Согласитесь, это более чем странно. Куньи, собольи шкуры бултыхаются, разматываются, опускаются, проскальзывают сквозь сомкнутые рыбьи ряды. Они чувствуют горьковатый привкус сосновой смолы, ощущают мерзкую вонь разложения. Опускание и рассеивание — разные понятия, их трудно сопоставить; и когда пришел великий шторм и город пал и полностью вверил себя их воле — то содроганье, тот глухой рокот и по сей день живы в рыбьей памяти, — рыбы только и могли, что пялиться на добычу, которую предлагали им улицы и шумные рынки Винеты. Они ошалели от столь обильной дани, от такого несметного богатства, с небывалым грохотом низвергшегося в их пучины… Эти, с поверхности, упорны, наверняка в их упорстве есть какой-то резон. Порою то, что они присылают рыбам, никуда не годится: мельничные жернова, круглые монеты, моржовые клыки, мыльный камень. Но попадаются и сами обитатели поверхности — кости, рога, плоть, кожа. Вон, двадцать зим назад — два человека и целая сеть рыб-сородичей опустились возле Узедома на дно. Чего они хотели? Что надеялись здесь, на дне, поймать? Любознательные сельди отмечают разрывы в деликатных циклах нереста, кормежки, в медленных теченьях вод. Когда груз идет на дно, он вытесняет воду, волнует рыб, рыбы выходят из себя. А два года назад в окутанные ночным туманом воды хлынул поток красной глины с прибрежного обрыва, откуда-то покатились огромные камни и успокоились в мягком прибрежном иле. Потом туда же рухнул алтарь. И крест. А теперь вот это…

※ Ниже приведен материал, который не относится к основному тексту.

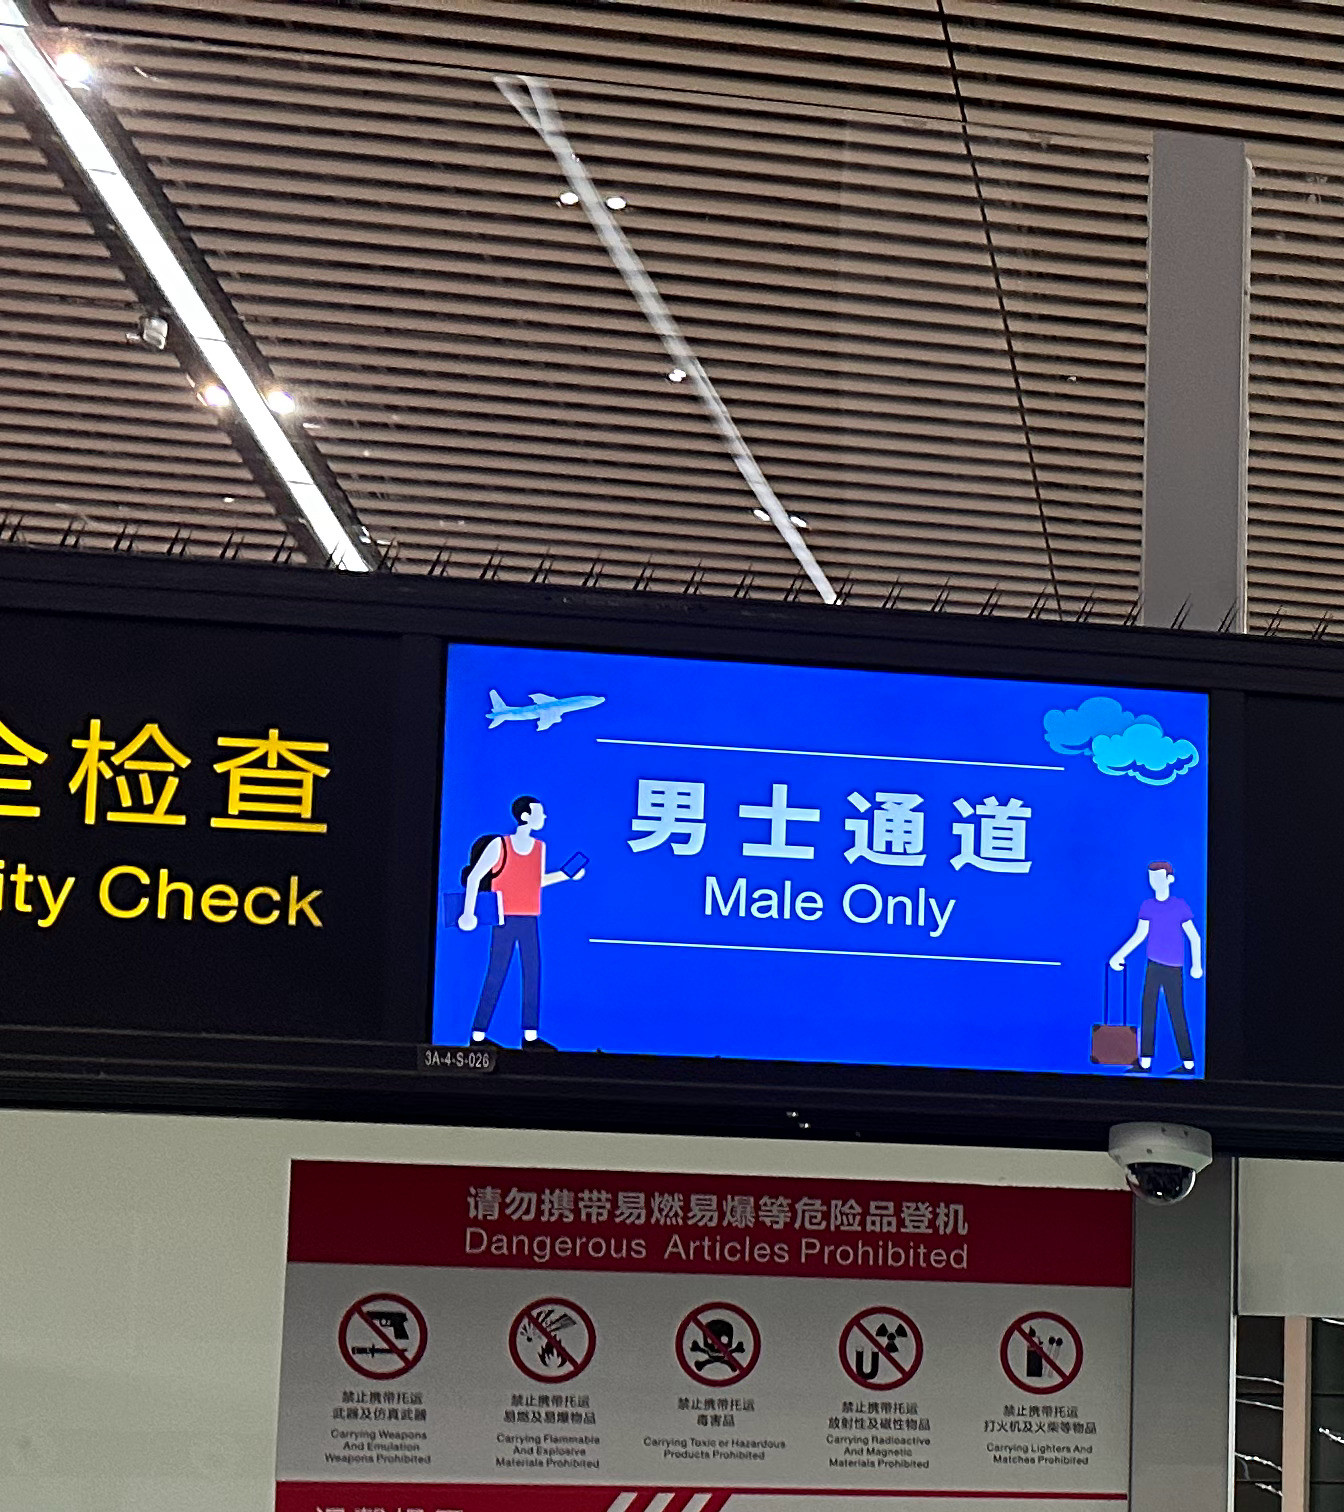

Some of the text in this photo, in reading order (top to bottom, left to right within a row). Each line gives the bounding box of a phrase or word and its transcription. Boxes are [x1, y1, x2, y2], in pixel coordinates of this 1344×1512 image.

[627, 779, 1032, 873] 男士通道
[99, 865, 323, 928] Check
[705, 876, 956, 938] Male Only
[467, 1186, 969, 1236] 请勿携带易燃易爆等危险品登机
[465, 1227, 969, 1269] Dangerous Articles Prohibited

Странный гость кренится набок. Каннибалы сплываются на его тусклый желтый свет. Этот неуклюжий, вперевалочку спуск — наверное, в нем повинен тот самый воздух, из которого на них снизошел столь бессмысленный, бесполезный дар. Ara, вот сейчас, сейчас вывалится наконец то, ради чего они здесь столпились: они вглядываются в мерцающий желтый глаз, и, похоже, там, внутри, находится создание с поверхности. К тому же живое! На мгновение они позабыли о вечной потребности в пище и наблюдают за расчетливыми, настойчивыми маневрами предмета. Вот ведь искушение! Ну конечно, сейчас предмет поведет себя так же, как и все остальные, спускавшиеся к ним с поверхности. Однако усики, идущие на самый верх, напрягаются, потом выгибаются, расслабляются и, снова напрягшись, тянут предмет по дну, так что он, подскакивая, продвигается к расщелине.
Каннибалы плывут следом. На пути им попадается сельдь с отслаивающейся чешуей, пожелтевшими плавниками — они ее съедают. Предмет зависает на самом краю расщелины — теперь понятно, куда он держит путь. Вообще-то каннибалам никто и никогда не запрещал спускаться в черное жерло расщелины, да и про опасности, поджидающие там, они тоже не слыхали. Много-много зим назад кто-то из них уже предпринял туда экспедицию — совершенно бессмысленную, и с тех пор туда никто не заплывал. Почему — они и сами не знают. Но что-то говорит им, что в этой черноте не стоит метать икру и с хрупаньем пожирать сородичей; даже упавшие на этакую глубину обитатели поверхности их не интересуют. Если б им снова попалась какая-то обессилевшая, больная селедка, они бы отвлеклись, занялись ею, но создается впечатление, что существо нарочно их поджидает, его усики дергаются все настойчивее. Предмет дрожит, колеблется, затем резко выпрямляется, усики напрягаются снова, и предмет, покачавшись на краю, начинает спуск. Они плывут следом.
Будь море более подвижным, эта расщелина давно бы затянулась. Плотные течения нагнали бы сюда глину и аргиллит, расщелина бы постепенно заросла, и тогда ни бочка, ни ее эскорт из сельдей не смогли бы сюда спуститься. Достаточно было бы щепотки глины раз в неделю, и за сорок тысячелетий каньон смог бы заполниться до краев. Да, он поглотил целый город — ну и что? От этого попахивает неприличным нетерпением и суетливостью. Спокойное, последовательное накопление — вот что правильно. Но остров разделил потоки впадающих в море Одера и Пеене, преградил им путь, и поэтому у дна вода почти неподвижна, чуть ли не мертва, колыхаясь, пожалуй, только от движения каннибальих плавников, когда эти рыбы вьются у края гладкой, созданной льдами расселины, вглядываясь в непонятное создание, чьи судорожные движения странным образом отражают их собственное волнение: создание дергает головой, размахивает руками, срыгивает еду. Так они и опускаются сквозь толщу моря к Винете — каннибалы, большое создание и создание внутри создания.